Amanda takes us on her journey, as an artist, from her beginnings as a human statue, through her stripping career, through to her highly successful Kickstarter, and her woes of allowing her own hubby, one Neil Gaiman, to help her with her struggles.
As an artist, asking is something I too struggle with, I await the 'fraud police' to visit any time I think about showing some work. Why would anyone want to buy my work, or support my art, when there are so many other, far more talented artists out there.
Amanda's approach isn't really about asking, it's about connecting. Seeing and being seen. How often do we really see those around us? How often do we connect?
I came across some very fitting videos from a group called The Liberators earlier today, before I finished reading this book. But sitting, watching their videos, showed the connection Amanda was talking about. The simple act of eye contact left so many people open and vulnerable, they were being seen by someone, not just looked at. Tears were shed, hugs were had, and those people had a whole new level of understanding about themselves and the strangers they shared that minute with.
This same group did another similar act, one member stripping to her underwear in London, blindfolded herself, and asked strangers to draw hearts on her in an effort to encourage self acceptance. A powerful gesture of trust and understanding.

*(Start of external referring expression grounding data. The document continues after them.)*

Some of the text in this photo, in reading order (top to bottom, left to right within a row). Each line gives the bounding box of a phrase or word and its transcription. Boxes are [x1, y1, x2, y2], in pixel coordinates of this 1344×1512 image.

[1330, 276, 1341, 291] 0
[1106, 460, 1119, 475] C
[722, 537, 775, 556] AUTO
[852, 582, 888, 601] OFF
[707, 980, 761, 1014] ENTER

Amanda's struggles with making ends meet, her own battles with her own inner 'fraud police'. I now have a completely new perspective on street performers, they're s much more than someone standing, singing, playing, they are art, they're asking you to see them, not just as someone who needs to 'get a job', but as an artist in their own right. Recognise that they are working, they're offering a service, it's just not flipping burgers or filing papers.
So the next time you're wondering why that busker wont go and get a job, rewind and ask yourself if you're enjoying their performance, if you find that you are, toss them a few bucks, you never know, they may be the next Amanda Palmer.
As a long time fan, who enjoyed Amanda's book writing as much as her quirky song writing, I gave the Art of Asking 5 stars.
Hit up amandapalmer.net/theartofasking for more on the book and her music.
I just wanted to add some thoughts on the topic of Anthony. At the time of my reading this book, Anthony had sadly passed along, mere weeks before. The pictures of Amanda by his bedside during his last days really show the depth of love and care the two shared. It makes me sad that he wont be around to share the joy of baby Palmer/Gaiman's arrival, and worse that the joy will also be full of sadness for Amanda and Neil.